Fig. 6. Average flit latency comparison for various synthetic traffic patterns.

Depending on network injection intensity combination of the component benchmarks, we produce 7 multiprogrammed workload mixes as listed in Table 2. Consider Mix M1: out of 64 cores that we prototype, it contains 16 cores running *calculix*, 16 cores running *gobmk*, 16 cores running *gromacs* and last 16 cores running *h264ref* benchmark programs. Likewise, other workload mixes are also formed. The network traffic generated by running real workloads are fed into Booksim to simulate network operations.

# 6. Results and analysis

We compare performance of improved M-3D CHIPPER against baseline 2D CHIPPER, 3D CHIPPER and M-3D CHIPPER in terms of network performance metrics. Simulations are conducted on  $8 \times 8$  mesh with 2D CHIPPER using XY routing,  $4 \times 4 \times 4$  mesh with 3D CHIPPER and XYZ routing,  $4 \times 4 \times 4$  mesh with M-3D CHIPPER and  $4 \times 4 \times 4$  mesh with proposed design employing asymmetric routing algorithm described in Algorithm 1.

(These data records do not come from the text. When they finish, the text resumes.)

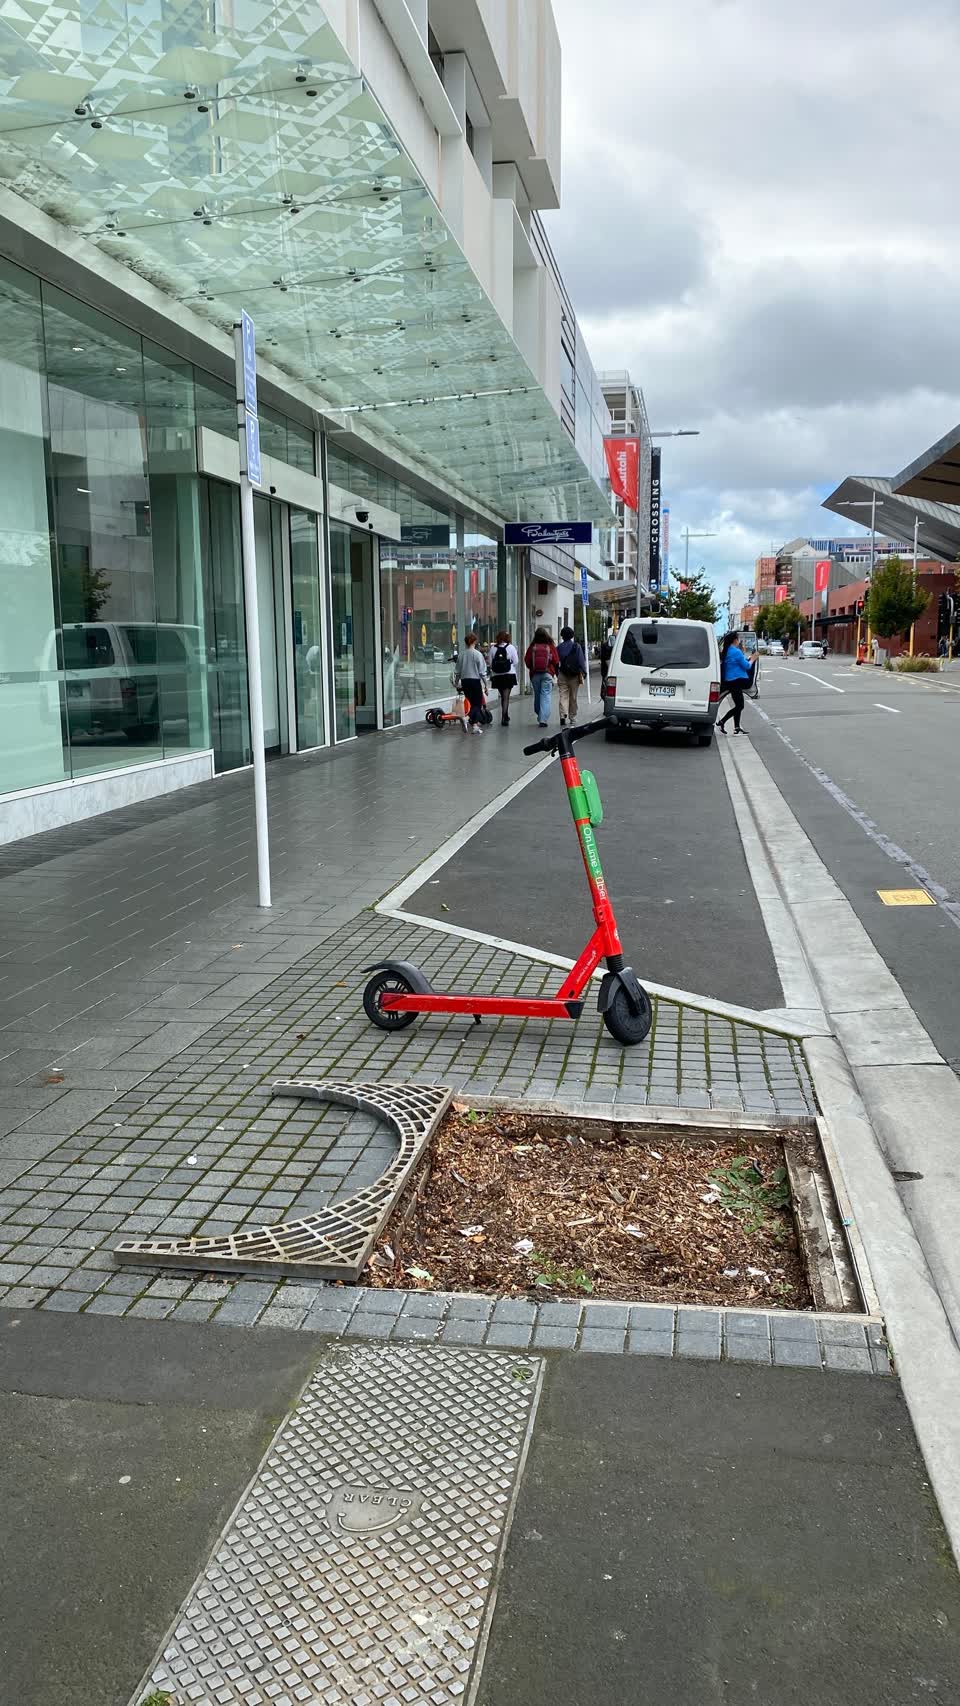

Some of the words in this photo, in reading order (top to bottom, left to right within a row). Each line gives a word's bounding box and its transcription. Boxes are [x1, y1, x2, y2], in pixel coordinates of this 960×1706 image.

[651, 479, 660, 543] CROSSING
[583, 827, 592, 841] On
[586, 841, 598, 868] Lime
[596, 876, 607, 900] Uber
[343, 1493, 412, 1507] CLEAR

# 6.1. Effect on average flit latency

Fig. 6 shows the comparison of average flit latency using various synthetic traffic patterns. It is quite evident that across

all the traffic patterns, our improved M-3D CHIPPER has lower average flit latency by virtue of additional prioritization unit that gives a total ordering among all flits. However, a reduction in average latency owing to larger number of links and lower number of hops is envisaged in 3D CHIPPER NoC. But 3D CHIPPER shows larger average flit latency values for all traffic patterns. This is due to higher number of deflections caused by random port assignment of non-golden flits.

The superior load handling ability of a router is indicated by its larger saturation injection rate. Improved M-3D CHIPPER extends saturation injection point thereby making it a good design option for high injection rate applications. Even so, for network intensive traffic patterns like transpose and bitcomp where only certain regions are stressed, improved M-3D saturates earlier than 3D CHIPPER. This is because 3D CHIPPER is able to sustain more traffic as they have more number of ports.

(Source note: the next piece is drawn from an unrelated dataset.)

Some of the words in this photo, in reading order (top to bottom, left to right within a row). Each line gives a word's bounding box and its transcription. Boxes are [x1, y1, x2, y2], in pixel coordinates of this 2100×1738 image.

Average flit latency comparison with various network sizes is shown in Fig. 7. From the graph we can observe that improved M-3D CHIPPER has notable reduction in latency compared to other designs even when the network is scaled up. Fig. 8 depicts average flit latency comparison for various real workloads. Across all benchmark mixes presented in Table 2, we can notice a reduction in average flit latency for our proposed design. As expected, M1 has minimum latency whereas M3 has maximum latency as they consist of low MPKI and high MPKI applications respectively.

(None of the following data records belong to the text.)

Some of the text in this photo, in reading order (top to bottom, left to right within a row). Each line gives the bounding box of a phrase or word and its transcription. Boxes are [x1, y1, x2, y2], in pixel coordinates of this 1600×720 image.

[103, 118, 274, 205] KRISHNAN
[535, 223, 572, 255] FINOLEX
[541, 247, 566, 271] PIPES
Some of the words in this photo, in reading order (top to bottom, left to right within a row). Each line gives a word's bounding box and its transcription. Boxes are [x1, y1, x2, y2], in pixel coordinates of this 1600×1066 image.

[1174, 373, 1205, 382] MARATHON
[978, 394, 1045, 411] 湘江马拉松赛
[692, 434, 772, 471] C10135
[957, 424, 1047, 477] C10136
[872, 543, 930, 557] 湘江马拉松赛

Fig. 7. Average flit latency comparison with different network sizes.



Fig. 8. Average latency comparison for real applications.

#### 6.2. Effect on deflection rate

Deflection rate refers to average number of deflections undergone by each injected flit. Lower deflection rate is desirable as it indicates smaller dynamic power across NoC links due to minimal activity in the network. With rise in injection rate, deflection rate also goes up because of higher port contentions. Fig. 9 clearly displays deflection rate comparison for different synthetic traffic patterns. Improved M-3D CHIPPER has lower deflection rate specially, at higher injection rates due to prioritization of nongolden flits. The deflection rate comparison for SPEC CPU2006 benchmark applications is shown in Fig. 10. For all mixes, our proposed approach has notable reduction in average flit deflection rate compared to 2D CHIPPER and M-3D CHIPPER. As the deflection rate of 3D CHIPPER is very high owing to pseudorandom arbitration of non-golden flits, they are excluded from the plot.

# 6.3. Effect on throughput

Throughput is a measure of ability of the system to handle peak data rate. In any multilayer NoC network, throughput improvement depends on total number of physical links (both horizontal and vertical) and average hop count. From Fig. 11, we notice that proposed improved M-3D CHIPPER gives better throughput compared to other 5-port router based designs such as 2D CHIPPER and M-3D CHIPPER. As improved M-3D CHIPPER uses higher number of physical links than 2D CHIPPER, there is throughput growth of 17%, 12%, 15% and 33% for uniform, transpose, bitcomp and bitrev traffic respectively. The additional flit prioritization scheme employed in improved M-3D CHIPPER leads to lower average hop count resulting in throughput improvement of 4%, 2%, 7% and 3% over M-3D CHIPPER for above traffic patterns. However, throughput will be best for 3D CHIPPER due to two extra links at each router.

#### 6.4. Effect on link utilization

Fig. 12 shows the comparison of normalized link utilization for various synthetic traffic patterns. For 3D CHIPPER, link utilization is very high at central routers of upper layers as it follows standard XYZ routing algorithm. Compared to 3D CHIPPER, average link utilization reduces by 17.1% and 17.8% for M-3D CHIPPER and improved M-3D CHIPPER respectively. Both M-3D CHIPPER



Fig. 9. Average flit deflection rate comparison for various synthetic traffic patterns.



Fig. 10. Average deflection rate comparison for real applications.



Fig. 11. Throughput comparison for various synthetic traffic patterns.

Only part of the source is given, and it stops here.